Images for object localization

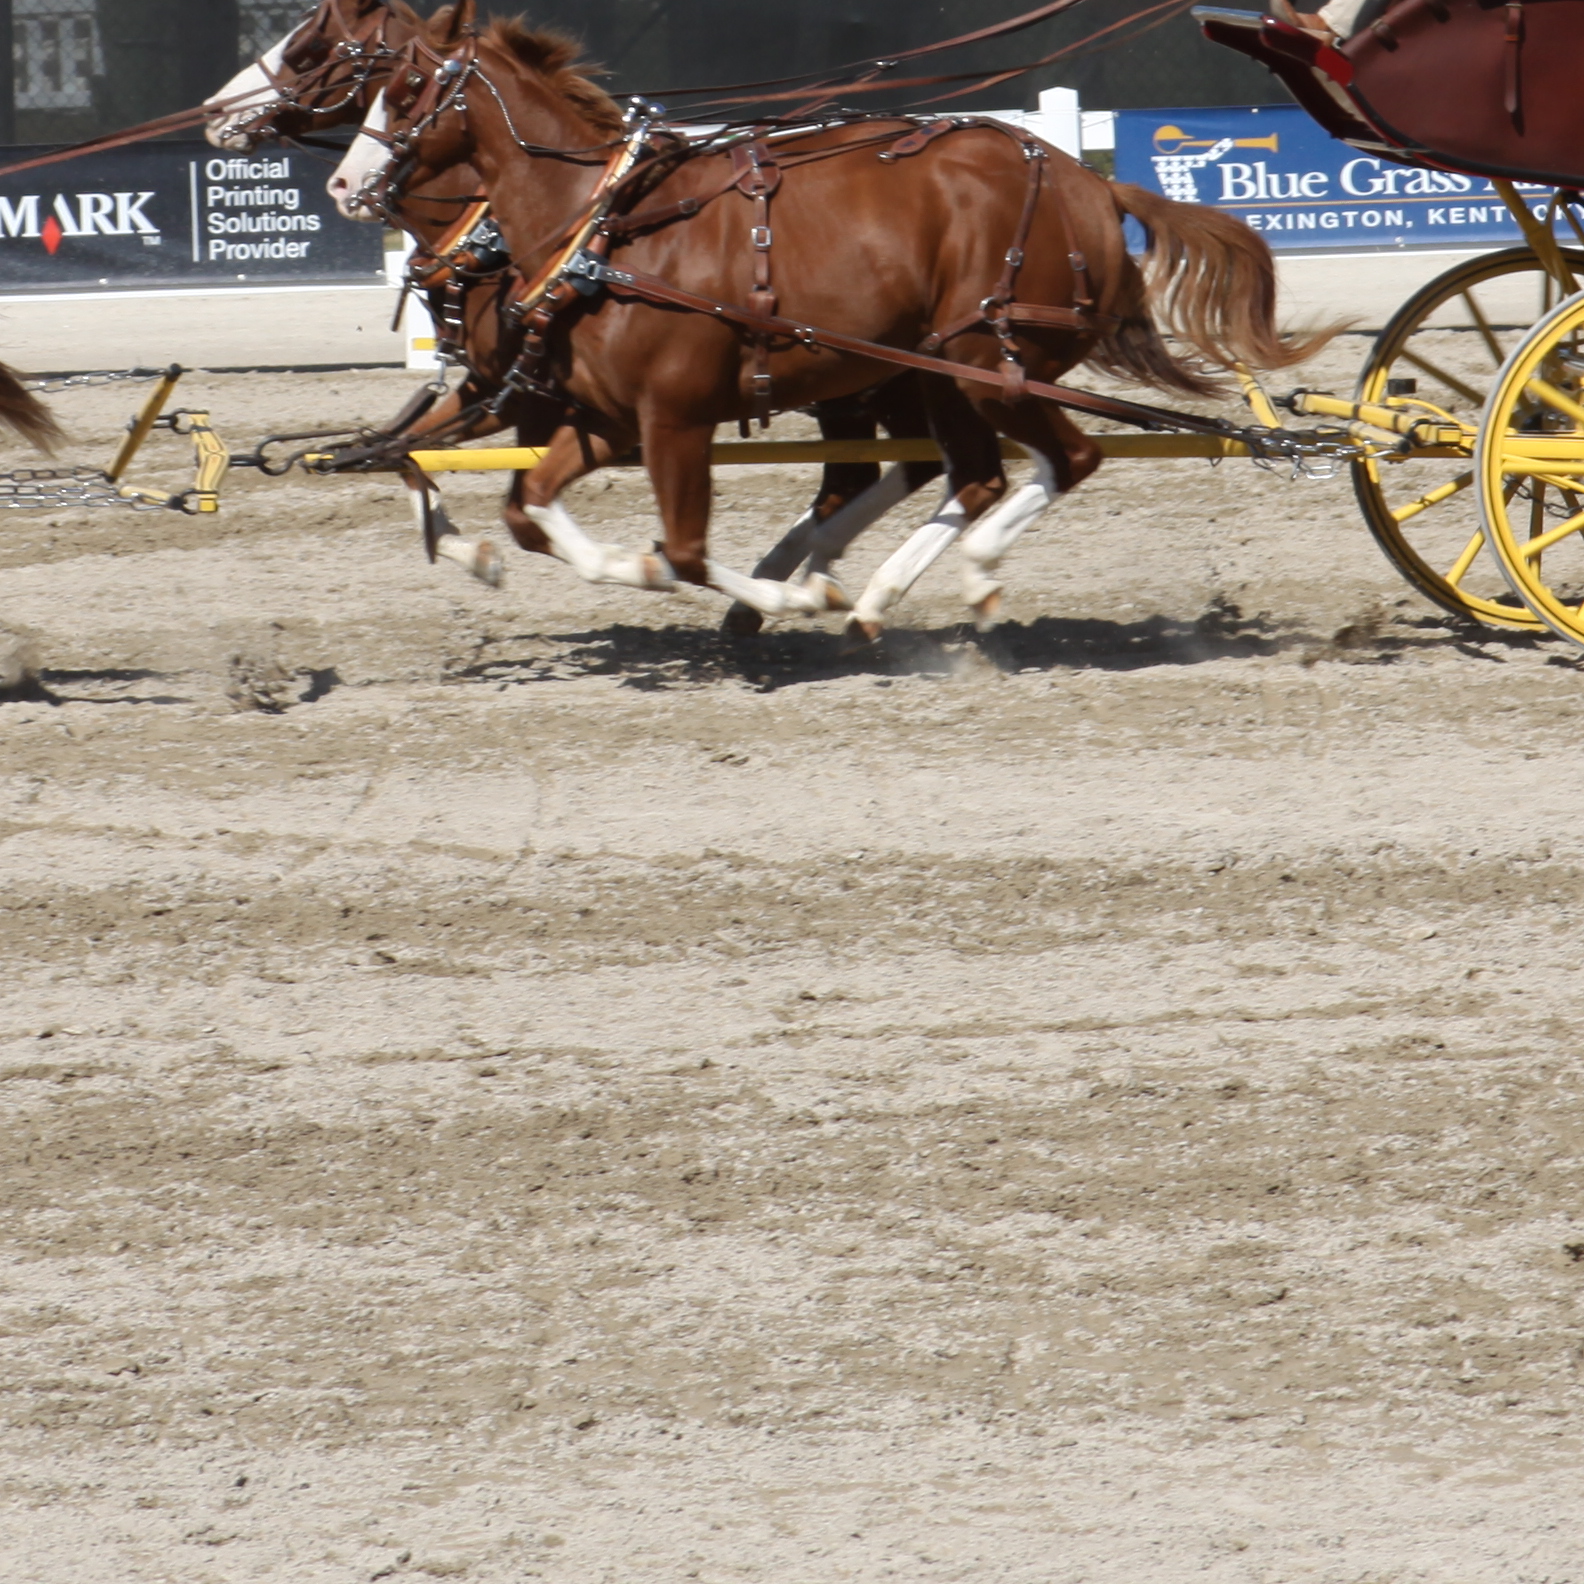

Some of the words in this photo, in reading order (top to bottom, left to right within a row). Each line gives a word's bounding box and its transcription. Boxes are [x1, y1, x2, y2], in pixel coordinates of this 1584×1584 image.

[205, 157, 290, 181] Official
[1218, 161, 1328, 201] Blue
[1339, 157, 1472, 196] Grass
[207, 185, 300, 210] Printing
[207, 211, 322, 234] Solutions
[1246, 209, 1414, 232] EXINGTON,
[209, 237, 311, 261] Provider
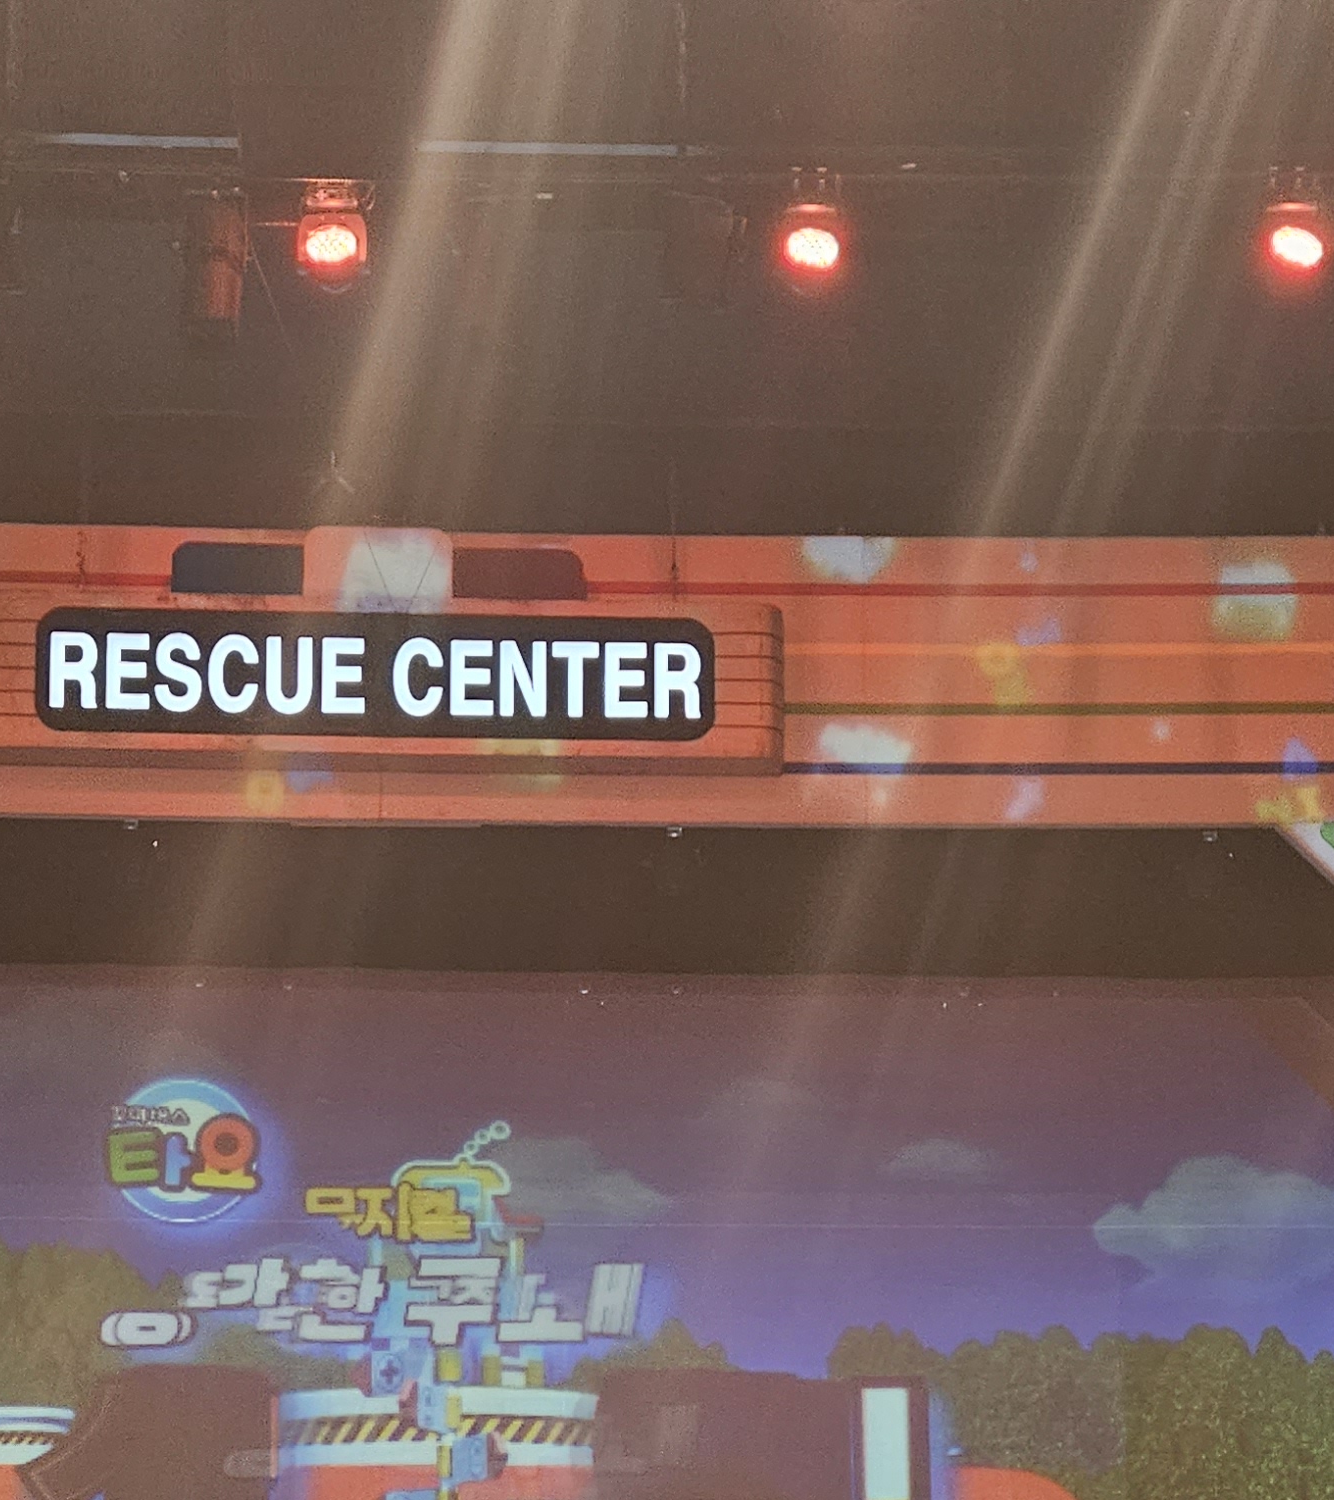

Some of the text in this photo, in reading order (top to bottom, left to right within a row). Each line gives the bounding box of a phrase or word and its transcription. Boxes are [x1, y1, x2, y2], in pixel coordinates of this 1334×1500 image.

__Work request__:
Output the entries above exactly. Do not include the pictures.

__Solved problem__:
Some of the words in this photo, in reading order (top to bottom, left to right within a row). Each line gives a word's bounding box and its transcription. Boxes are [x1, y1, x2, y2], in pixel coordinates of this 1584×1584 image.

[205, 157, 290, 181] Official
[1218, 161, 1328, 201] Blue
[1339, 157, 1472, 196] Grass
[207, 185, 300, 210] Printing
[207, 211, 322, 234] Solutions
[1246, 209, 1414, 232] EXINGTON,
[209, 237, 311, 261] Provider

Some of the text in this photo, in reading order (top to bottom, left to right within a row). Each line gives the bounding box of a phrase or word and its transcription. Boxes are [x1, y1, x2, y2], in pixel coordinates of this 1334×1500 image.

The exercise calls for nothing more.